Martin Buber is one of the most influential religious and Jewish thinkers of the 20th century. He is famous for the distinction he draws between I-Thou and I-It. I-Thou relations are characterized by mutuality and reciprocity and genuine care; I-It relations are characterized by objectification and domination. With the rise of AI assistants and a general cultural trend towards post-humanism, Buber’s thought once again requires a closer look. How do we relate to the TikTok influencer seeking tips for pretending to be donkeys? How should we field the requests of teenagers who say they are cyborgs or video game characters or trees?
Buber draws a sharp distinction between I-Thou encounters and I-It ones. If you enter a salary negotiation, for example, with an I-It mindset, your only goal is to “win” the negotiation by getting the outcome you want: a raise. If you enter it from an I-Thou perspective, the goal is to connect uniquely with the other person—which may or may not help you get your raise, but that’s not the point. After all, your relationship is a portal to a relationship with the divine. You want your souls to see one another. The rest is commentary.
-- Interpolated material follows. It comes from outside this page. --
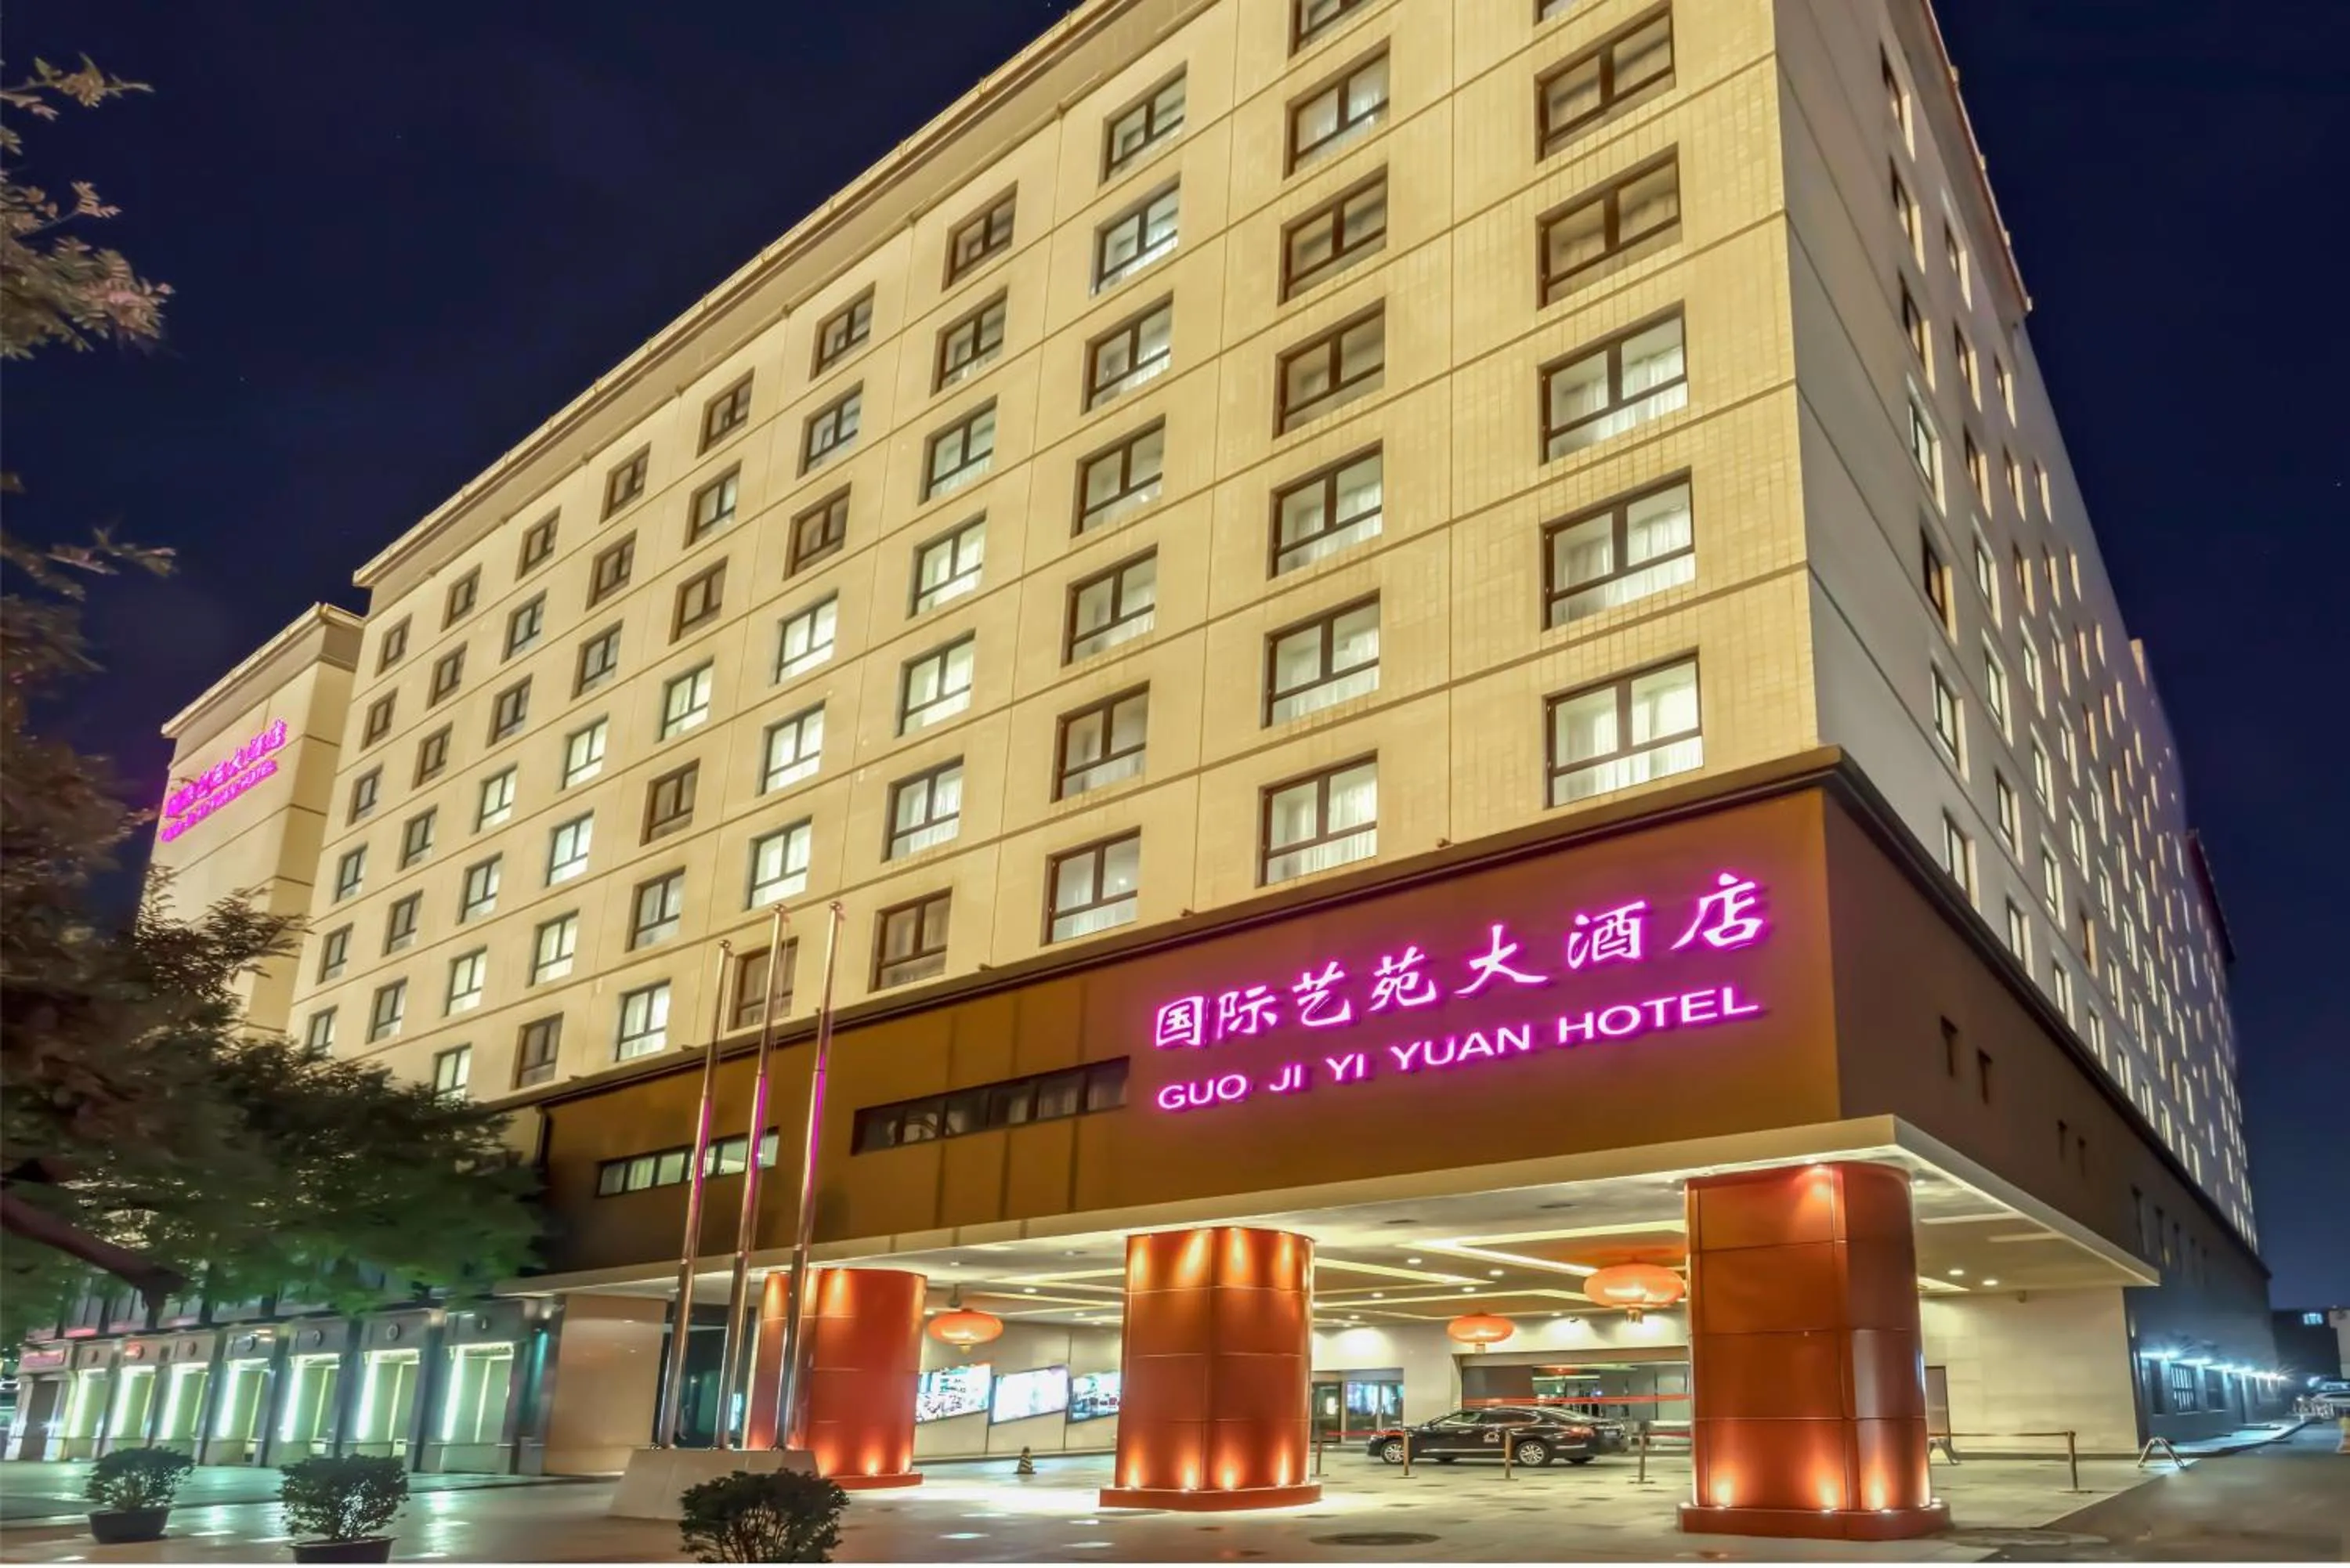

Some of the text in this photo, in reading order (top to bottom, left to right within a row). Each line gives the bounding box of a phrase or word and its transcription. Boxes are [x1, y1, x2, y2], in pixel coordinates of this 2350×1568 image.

[1155, 873, 1762, 1047] 国际艺苑大酒店
[1157, 987, 1759, 1109] GUO JI YI YUAN HOTEL
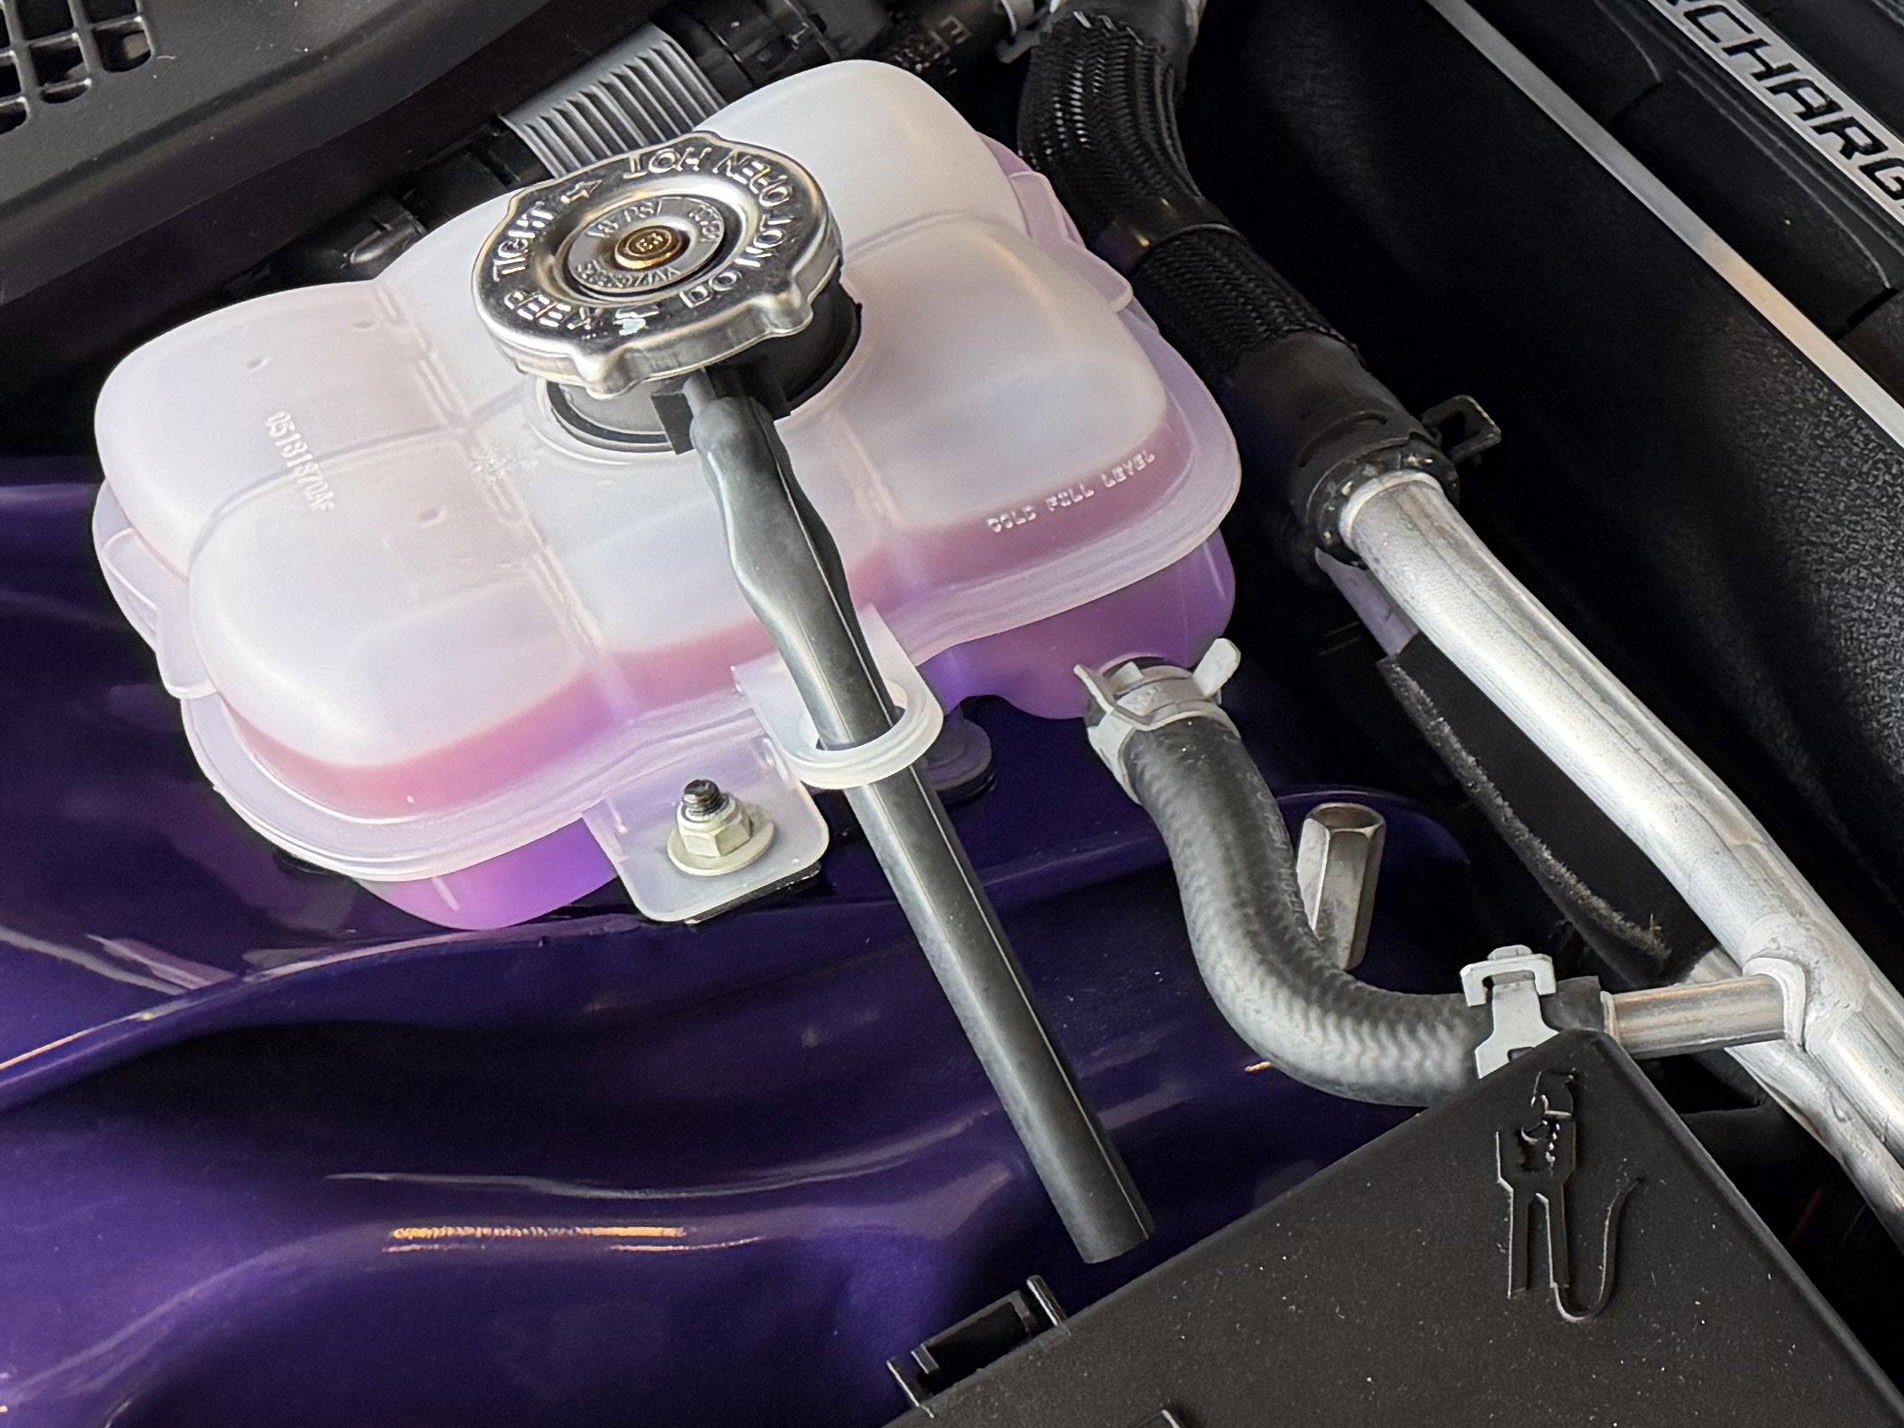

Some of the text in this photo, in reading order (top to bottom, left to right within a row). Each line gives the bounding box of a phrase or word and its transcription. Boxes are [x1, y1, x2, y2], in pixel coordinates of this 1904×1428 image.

Buber thought you could have I-Thou relations with non humans. Perhaps some tree-huggers feel a difference between engaging the tree as an object to be cut down or used for shade (per The Giving Tree) and a subject, in some neo-pagan sense. Buber’s mysticism exceeds humanism. The Google employee who got fired for personifying a chatbot may also be said to have an I-Thou relation with the AI. From a Buberian point of view, you can’t criticize whether this is appropriate. You can only say whether the dynamic is indeed an I-Thou dynamic. Does that mean that two bots could have an I-Thou encounter with one another? Buber doesn’t say, but he would distinguish two vectors in my questioning. In one, I’m asking a scientific question: does AI experience and express I-Thou. In the other, I’m asking you a question in an effort to connect. The former is I-It thinking, the second I-Thou. Buber is right to make the distinction. All content has an illocutionary context. But it’s also a cop-out. We can’t ask analytical questions without falling into accusations of “I-It” thinking? Also, why the binary? We need I-It type questions to connect with others. When we go for a walk or a movie with a date, we share an object of conversation—that shared reference point mediates the relationship but it also enables it.
I have three challenges to Buber:
I-It and I-Thou are not absolute, but interwoven. Context matters. Specificity is good. An I and a Thou meeting in spiritual space-time tells us less than a banker from Detroit and a librarian from Kazakhstan meeting at the deli.
I-Thou should not be the aim of all relationships or all moments of connection, and when it is made to be, leads to forced (and thus fake) intimacy.
Not all loving and meaningful relationships are characterized the pay-off of an I-Thou sentiment. For example, taking care of an infant or visiting a sick or delusional person may not feel connecting, but it is certainly an act of Hesed (lovingkindness).
Where is Buber right?
Buber is right that non-instrumental, non-dominating, open-ended relating is rare and important. Buber is right (contra Descartes) that subjectivity is a function of how the self relates to others. Buber is right that human relationships can feel like religious experiences and be a source and site of spiritual meaning. Buber is right that theologians, especially modern ones, tend to treat God as a scientific object rather than a being to whom one can relate. And thus he is right that Biblical scholarship, which takes the text as an It, misses something which a devotional posture understands. The same, by the way, should stand for how we relate to Homer or Shakespeare or Duchamp. Works which we approach with a desire for legibility will yield legibility. But connection and encounter often also involve some mystery and illegibility—if they were all too known they wouldn’t be other.
Buber’s critique of Jewish Law, Pauline in its way, is consistent with his absolutist distinction between I-Thou and I-It. We should not and cannot separate letter and spirit, without killing both. If you want to make I-Thou real, you have to integrate it somehow with I-It. It will be imperfect, but not for that reason less authentic or meaningful.
I’m sorry: I don’t understand exactly your challenges to Buber. In I & Thou, Buber, in his quite idiosyncratic language, seems to allow for your point 1 -- I-Thou relations are specific, even if, as per his own illustration, specific to that cat, or, for that matter, to that tree. As regard your second point, he is also quite aware that one cannot “navigate” the “real world” in the quasi-transcendent state that I-Thou seems to imply, and that of necessity, human relationships require transactional grounding. The point, as I took it, in part, is to be aware that transactional relations, even if the most intimate, erect barriers to a fully conscious, as aware as possible, potential transcendent engagement. The non-human examples were posited, I think, to point us, ultimately, to the human interactions, and the awareness of the divine that those interactions could allow us. All that said, it is difficult for me to see how Buber’s thought could be actualized in our lives on any on-going basis. He offers, as far as I can see, no method, no technique. It’s kind of like socialism: it might be a nice thought, but application in reality is another matter altogether.